▶ **Required work**
All entries need to be written out verbatim, with pictures omitted.

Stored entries
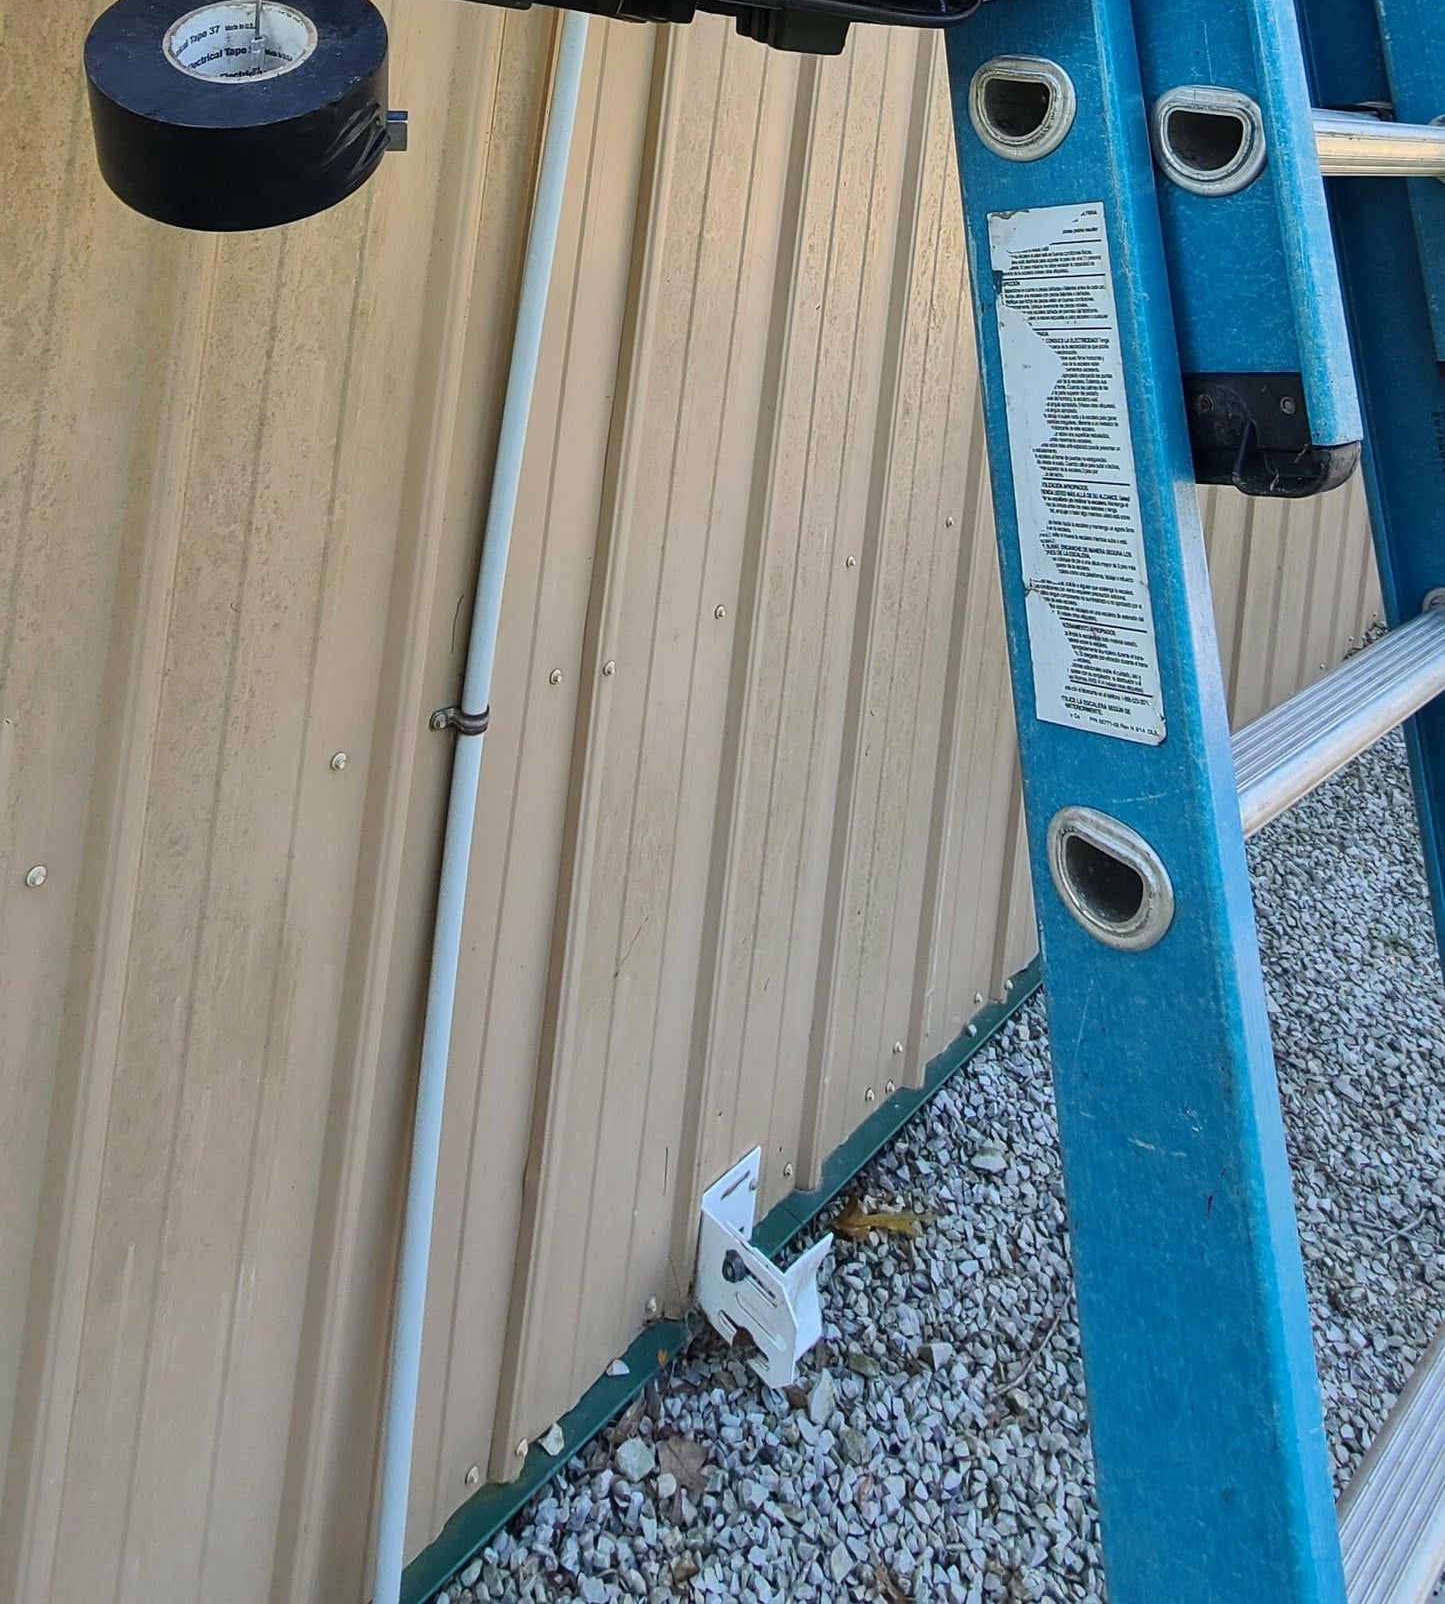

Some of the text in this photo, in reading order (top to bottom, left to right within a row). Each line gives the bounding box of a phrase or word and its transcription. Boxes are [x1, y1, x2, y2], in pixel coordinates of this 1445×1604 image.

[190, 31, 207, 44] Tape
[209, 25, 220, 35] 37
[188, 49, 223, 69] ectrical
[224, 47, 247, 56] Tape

▶ **Answer section**
Some of the text in this photo, in reading order (top to bottom, left to right within a row). Each line gives the bounding box of a phrase or word and its transcription. Boxes are [x1, y1, x2, y2], in pixel coordinates of this 1445×1604 image.

[190, 31, 207, 44] Tape
[209, 25, 220, 35] 37
[188, 49, 223, 69] ectrical
[224, 47, 247, 56] Tape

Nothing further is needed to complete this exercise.